Я попытался собраться с мыслями, чтобы переубедить его. Я повторил ему все аргументы, которыми пользовался в споре с Гетлифом. Потом подумал и привел еще один довод, который, по моим расчетам, мог повлиять на него: сказал, что молодежь - Калверт и Льюк - поддерживают Джего, напомнил ему, что он всегда шел в ногу с молодежью. Ничто не помогало: он возражал мне взволнованно и немного сбивчиво, но твердо стоял на своем.
Тогда я сделал еще одну попытку:
- Вы ведь знаете, что положение в мире тревожит меня не меньше, чем вас. Если только это возможно.
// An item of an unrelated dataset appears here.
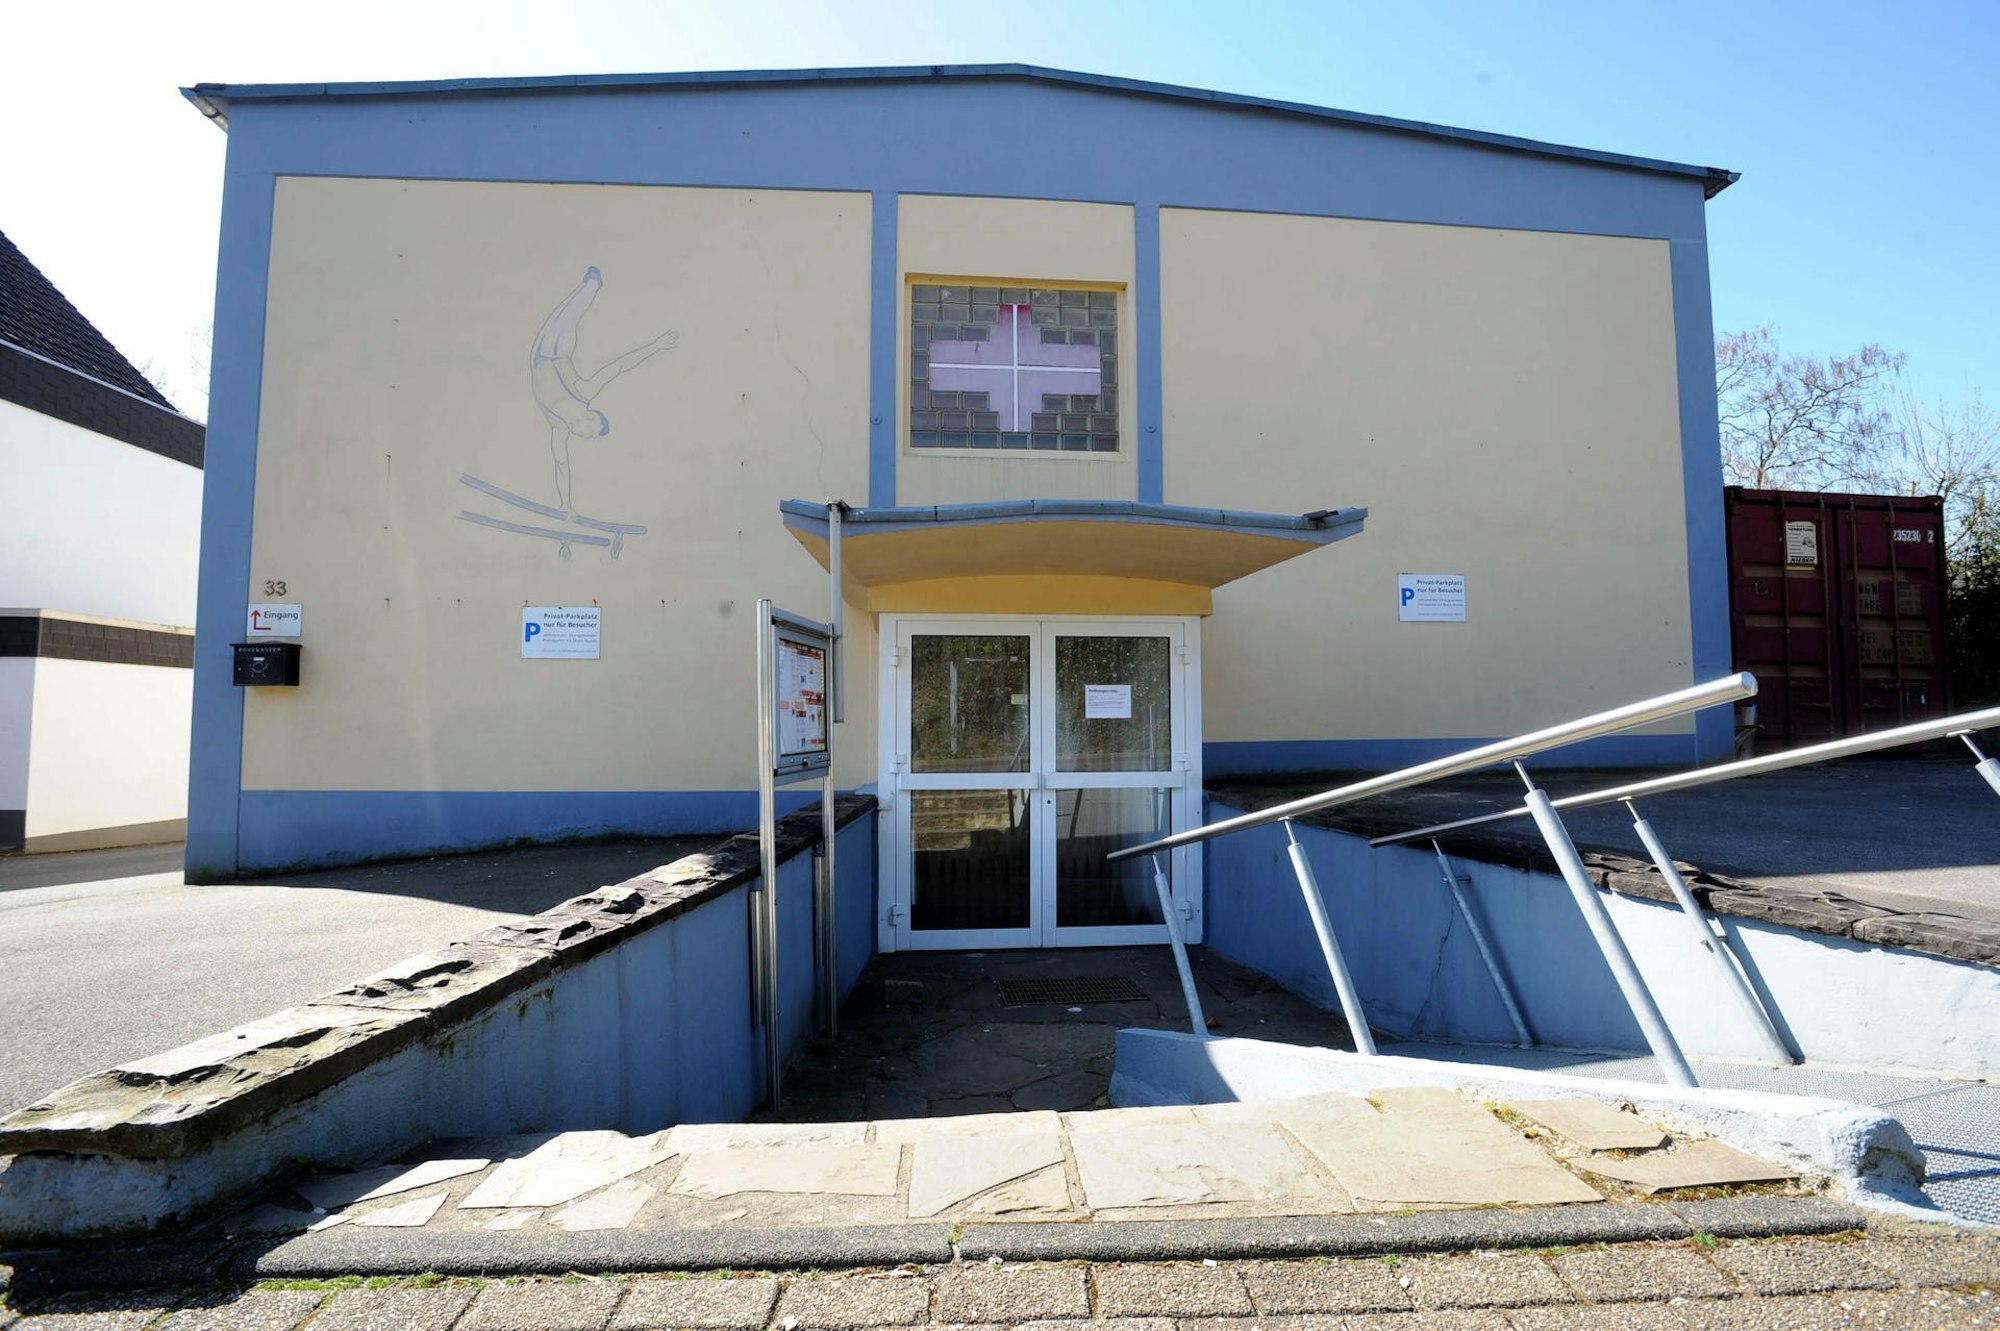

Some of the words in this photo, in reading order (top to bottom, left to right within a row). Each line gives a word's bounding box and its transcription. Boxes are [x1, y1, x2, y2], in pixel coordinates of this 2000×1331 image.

Пилброу понравилась моя последняя реплика, и он улыбнулся.
- Ведь знаете, правда?
- Конечно, знаю. Конечно. Больше, чем этих...
- Нет-нет, - сказал я. - Не больше, чем Гетлифа или юного Льюка. Но и не меньше. Зато я принимаю политические события даже ближе к сердцу, чем вы. Для меня они становятся последнее время как бы личной трагедией.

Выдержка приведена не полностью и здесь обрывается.